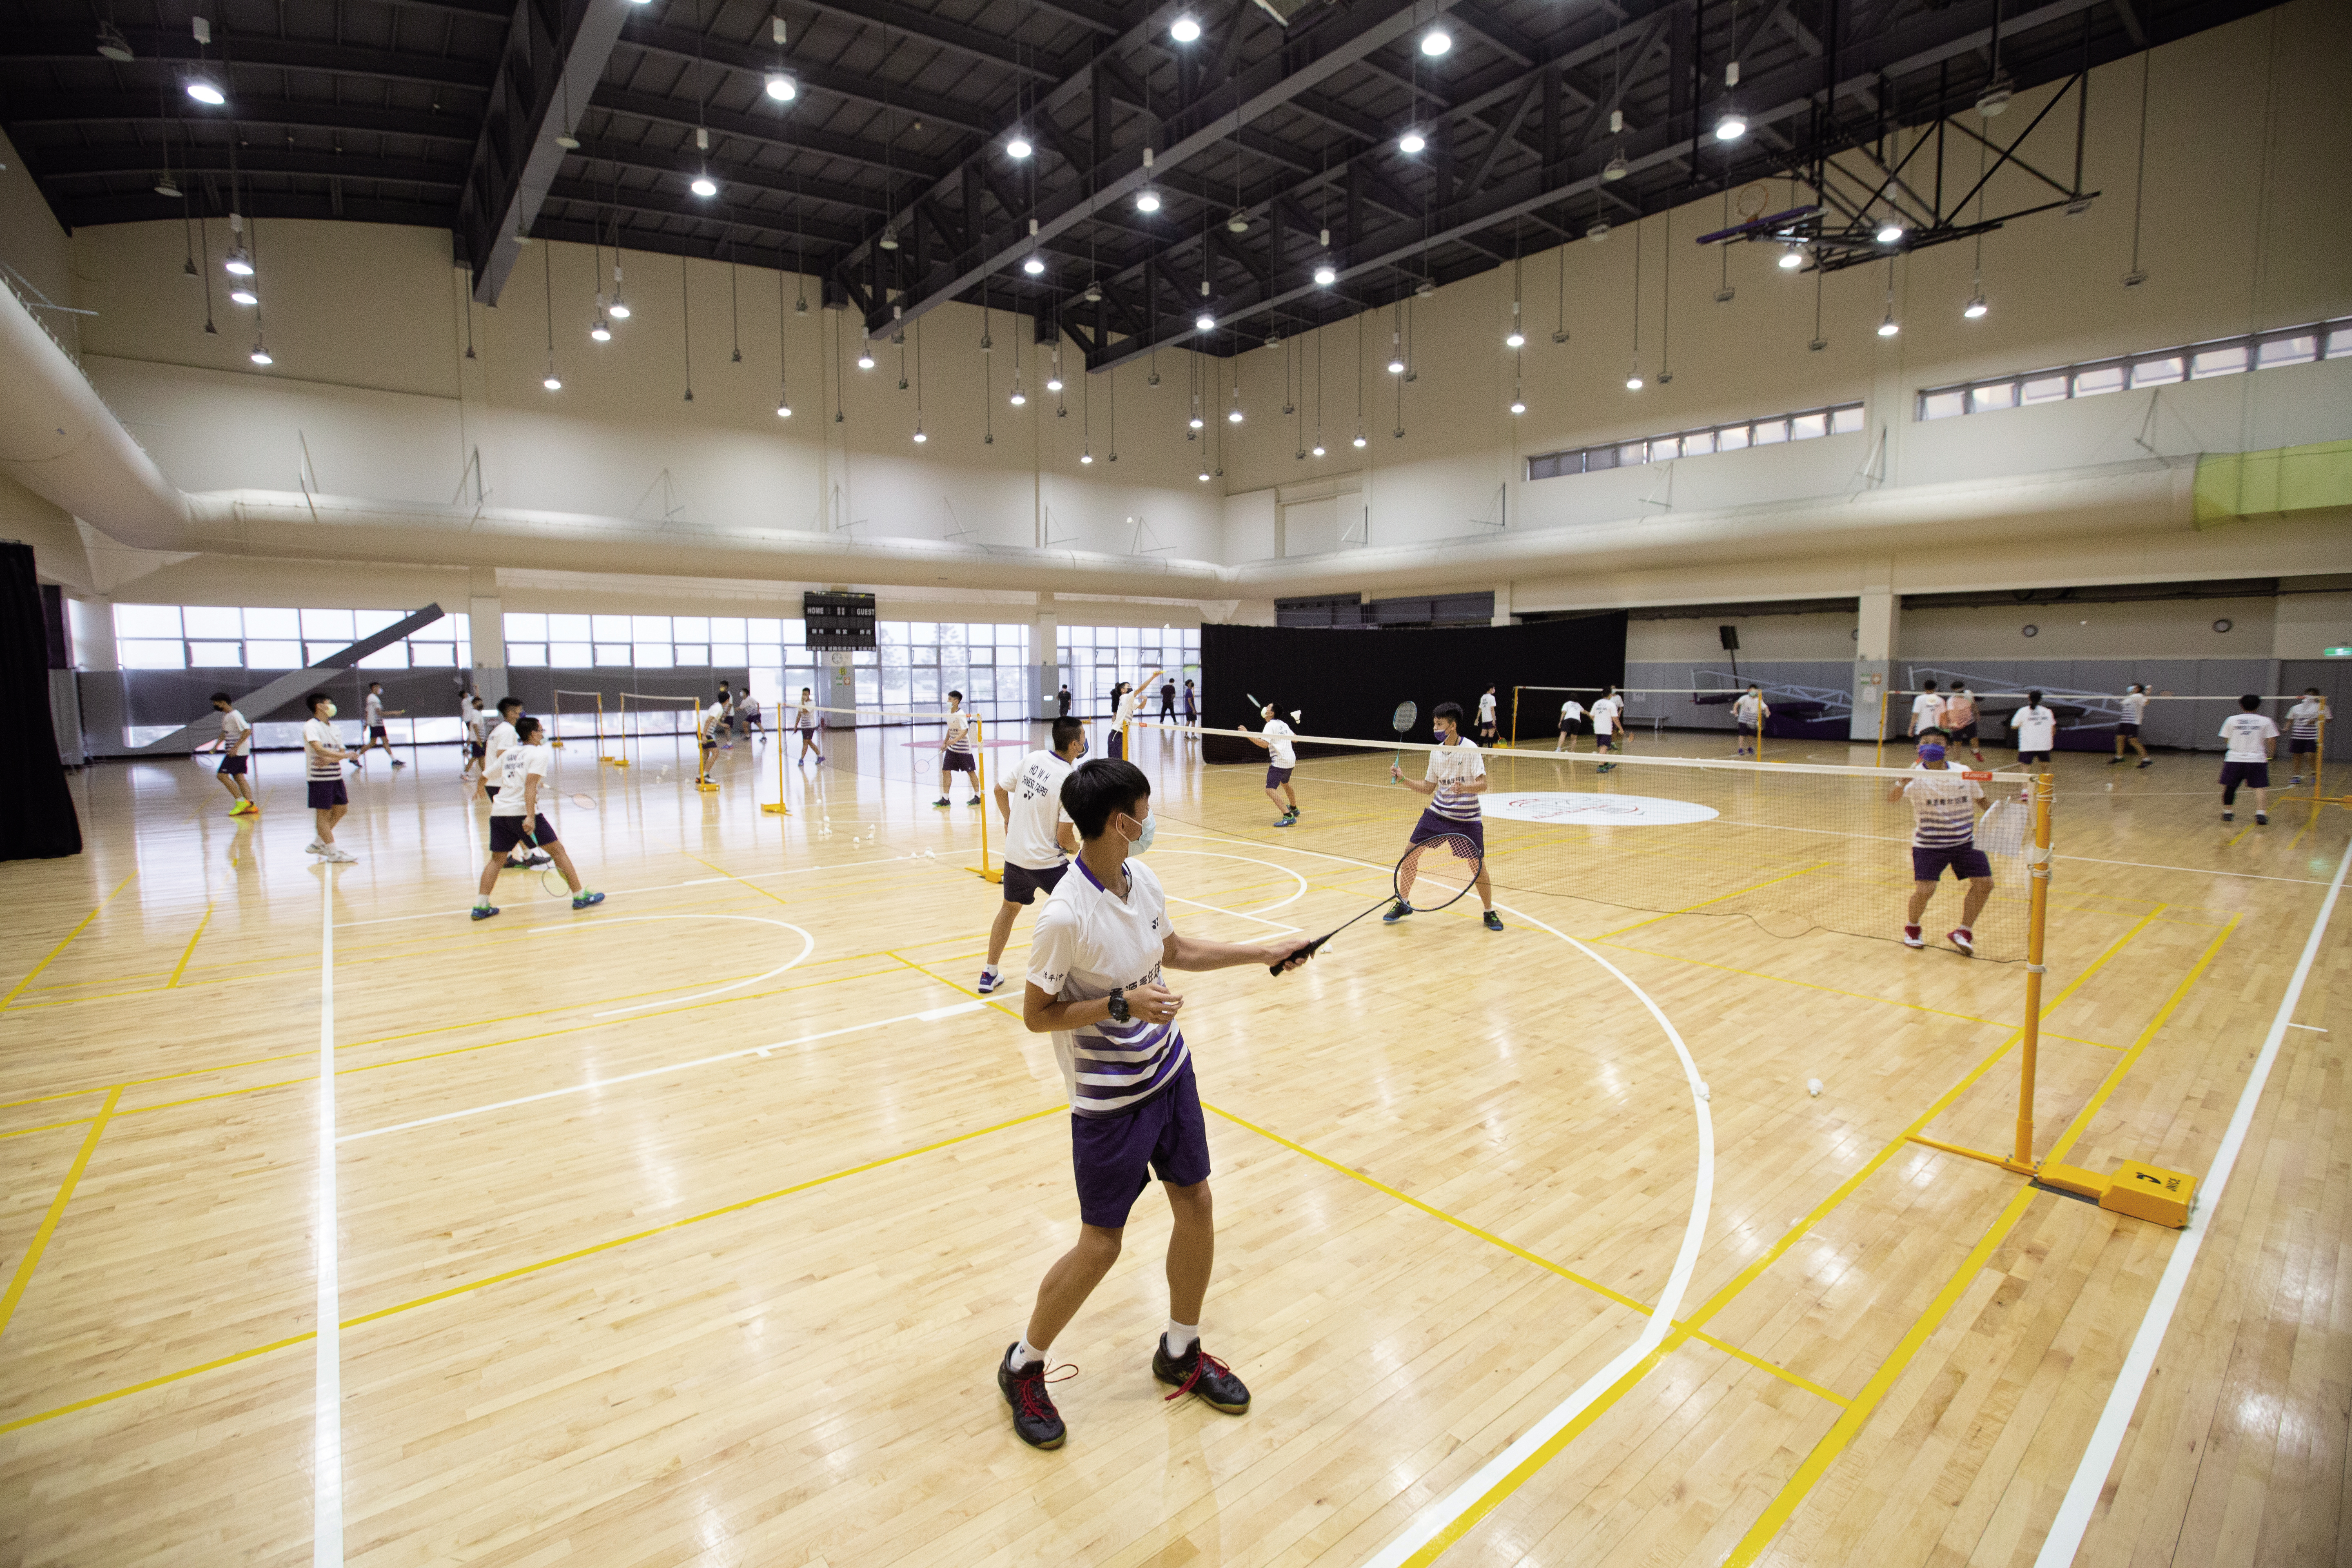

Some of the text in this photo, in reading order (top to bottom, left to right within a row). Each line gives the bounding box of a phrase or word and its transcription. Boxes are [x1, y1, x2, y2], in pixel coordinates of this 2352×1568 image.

[1029, 763, 1051, 783] HO W H
[1034, 783, 1048, 797] TAIPEI
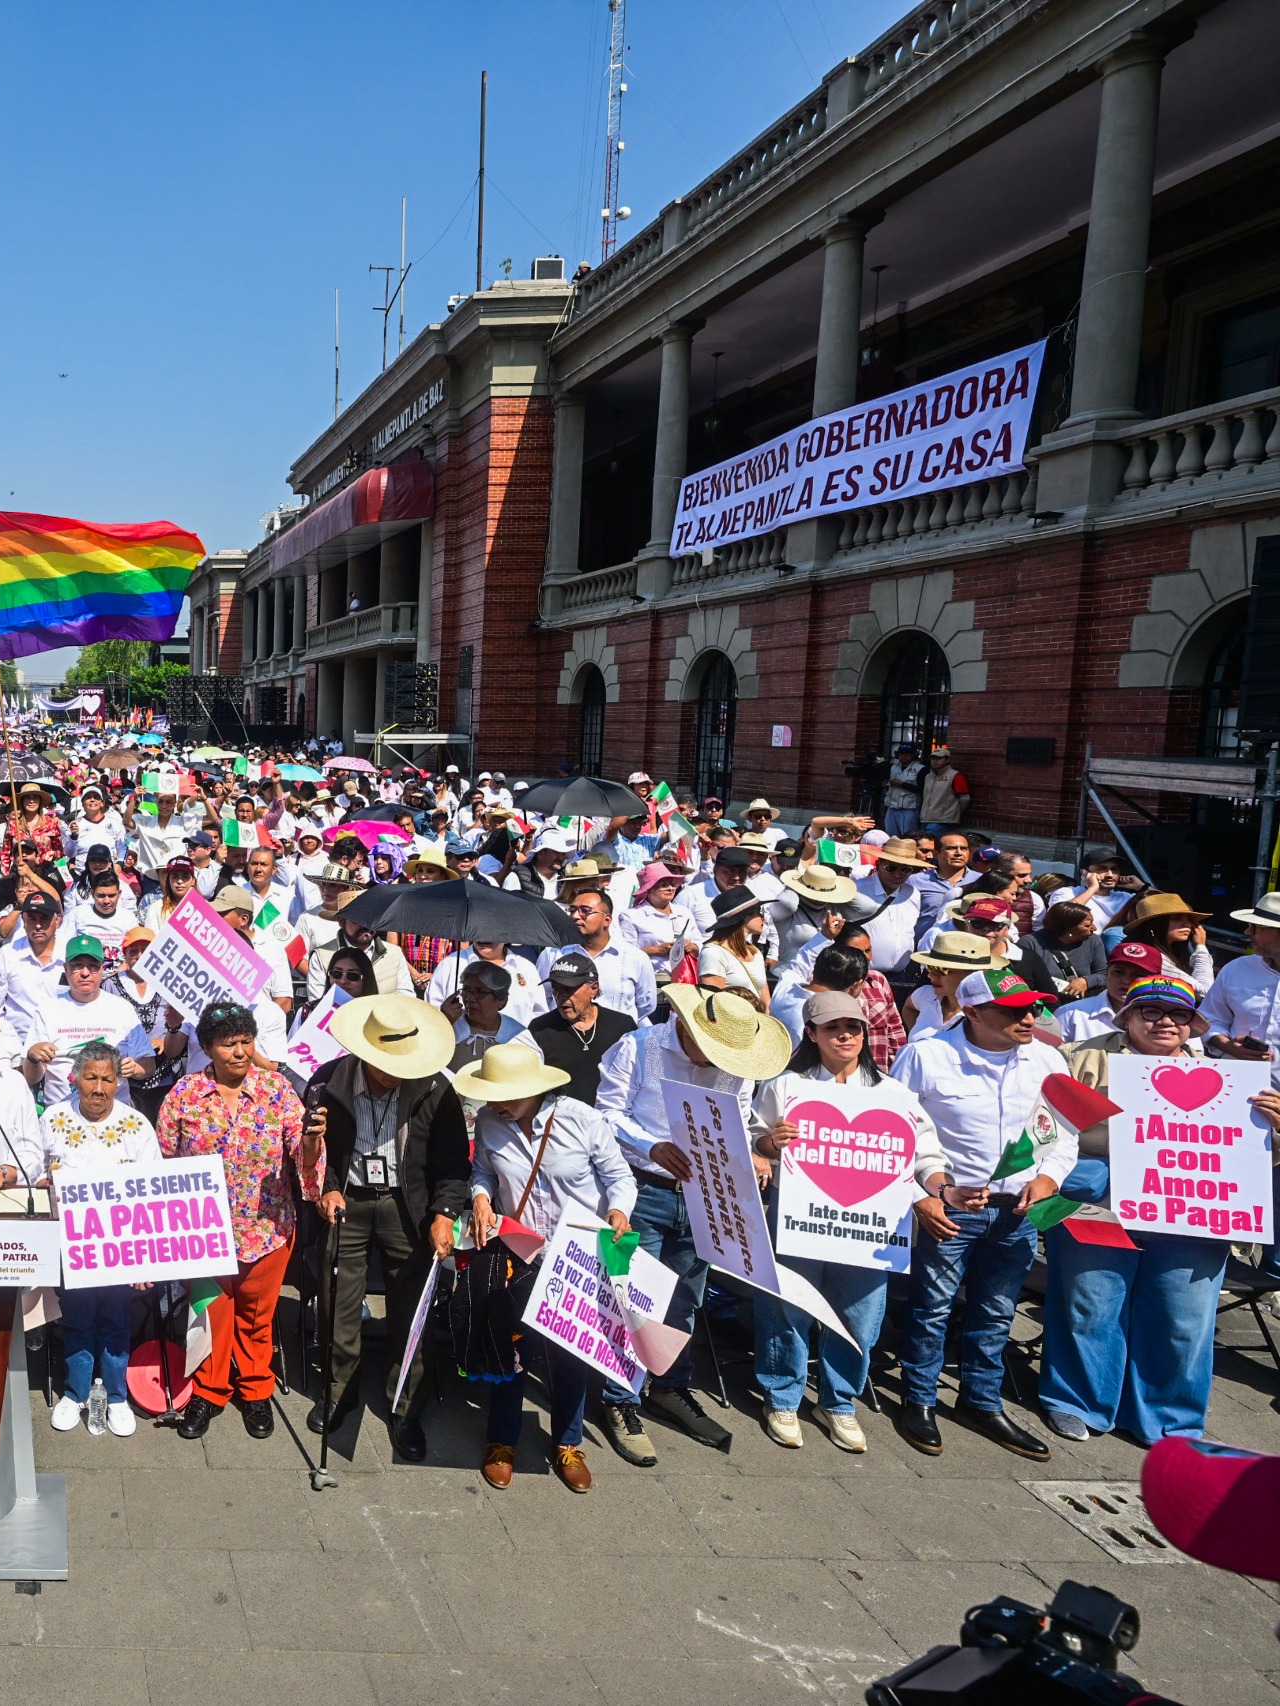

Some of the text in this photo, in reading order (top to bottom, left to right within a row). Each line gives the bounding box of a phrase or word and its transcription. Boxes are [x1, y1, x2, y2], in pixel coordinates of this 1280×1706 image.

[372, 377, 444, 455] TLALNEPANTLA DE BAZ
[682, 357, 1030, 512] BIENVENIDA GOBERNADORA
[675, 421, 1012, 551] TLALNEPANTLA ES SU CASA
[160, 937, 179, 962] EL
[176, 900, 259, 997] PRESIDENTA,
[143, 951, 204, 1017] TE RESPA
[798, 1119, 905, 1153] El corazón
[1134, 1113, 1243, 1146] ¡Amor
[793, 1142, 907, 1176] del EDOMÉX
[1157, 1148, 1221, 1173] con
[61, 1171, 220, 1205] ¡SE VE, SE SIENTE,
[683, 1101, 725, 1257] está presente!
[701, 1124, 735, 1243] el EDOMÉX
[725, 1172, 737, 1199] se
[1142, 1167, 1238, 1201] Amor
[64, 1196, 224, 1242] LA PATRIA
[784, 1215, 909, 1248] Transformación
[808, 1202, 887, 1228] late con la
[1119, 1197, 1264, 1236] se Paga!
[3, 1253, 39, 1262] PATRIA
[68, 1231, 229, 1271] SE DEFIENDE!
[565, 1239, 602, 1277] Claudia
[730, 1201, 754, 1277] siente,
[552, 1254, 611, 1307] la voz de las
[561, 1288, 571, 1313] la
[575, 1296, 615, 1337] fuerza
[535, 1300, 578, 1344] Estado
[576, 1328, 596, 1355] de
[593, 1340, 636, 1383] México
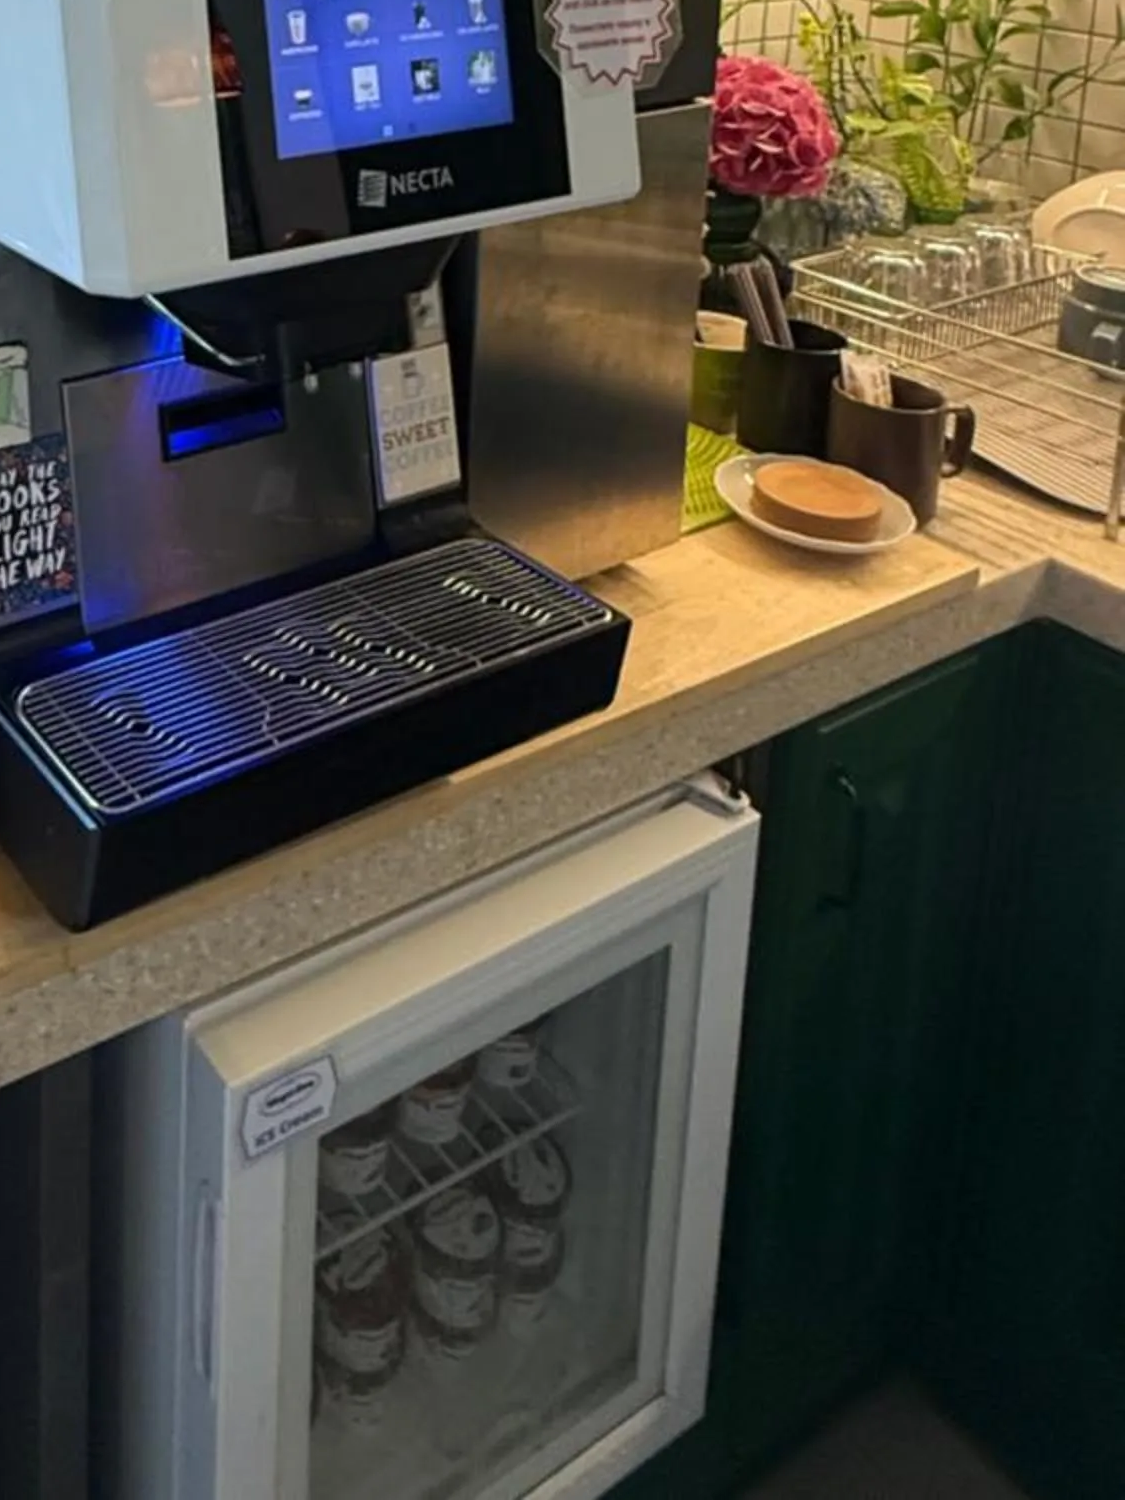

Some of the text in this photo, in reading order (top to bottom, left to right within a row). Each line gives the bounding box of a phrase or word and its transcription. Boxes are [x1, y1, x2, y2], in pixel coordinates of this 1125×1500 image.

[390, 165, 455, 197] NECTA
[381, 415, 451, 453] SWEET
[27, 461, 58, 481] THE
[19, 503, 63, 528] READ
[25, 546, 67, 580] WAY

□ □ □ □

Your objective: Only the lines from the one with "this 1280×1706 image." through the final line of the entries above are to be repeated, exactly as written and without pictures.

Result for this exercise:
Some of the text in this photo, in reading order (top to bottom, left to right within a row). Each line gives the bounding box of a phrase or word and its transcription. Boxes are [x1, y1, x2, y2], in pixel coordinates of this 1280×1706 image.

[372, 377, 444, 455] TLALNEPANTLA DE BAZ
[682, 357, 1030, 512] BIENVENIDA GOBERNADORA
[675, 421, 1012, 551] TLALNEPANTLA ES SU CASA
[160, 937, 179, 962] EL
[176, 900, 259, 997] PRESIDENTA,
[143, 951, 204, 1017] TE RESPA
[798, 1119, 905, 1153] El corazón
[1134, 1113, 1243, 1146] ¡Amor
[793, 1142, 907, 1176] del EDOMÉX
[1157, 1148, 1221, 1173] con
[61, 1171, 220, 1205] ¡SE VE, SE SIENTE,
[683, 1101, 725, 1257] está presente!
[701, 1124, 735, 1243] el EDOMÉX
[725, 1172, 737, 1199] se
[1142, 1167, 1238, 1201] Amor
[64, 1196, 224, 1242] LA PATRIA
[784, 1215, 909, 1248] Transformación
[808, 1202, 887, 1228] late con la
[1119, 1197, 1264, 1236] se Paga!
[3, 1253, 39, 1262] PATRIA
[68, 1231, 229, 1271] SE DEFIENDE!
[565, 1239, 602, 1277] Claudia
[730, 1201, 754, 1277] siente,
[552, 1254, 611, 1307] la voz de las
[561, 1288, 571, 1313] la
[575, 1296, 615, 1337] fuerza
[535, 1300, 578, 1344] Estado
[576, 1328, 596, 1355] de
[593, 1340, 636, 1383] México

Some of the text in this photo, in reading order (top to bottom, left to right within a row). Each line gives the bounding box of a phrase or word and its transcription. Boxes are [x1, y1, x2, y2], in pixel coordinates of this 1125×1500 image.

[390, 165, 455, 197] NECTA
[381, 415, 451, 453] SWEET
[27, 461, 58, 481] THE
[19, 503, 63, 528] READ
[25, 546, 67, 580] WAY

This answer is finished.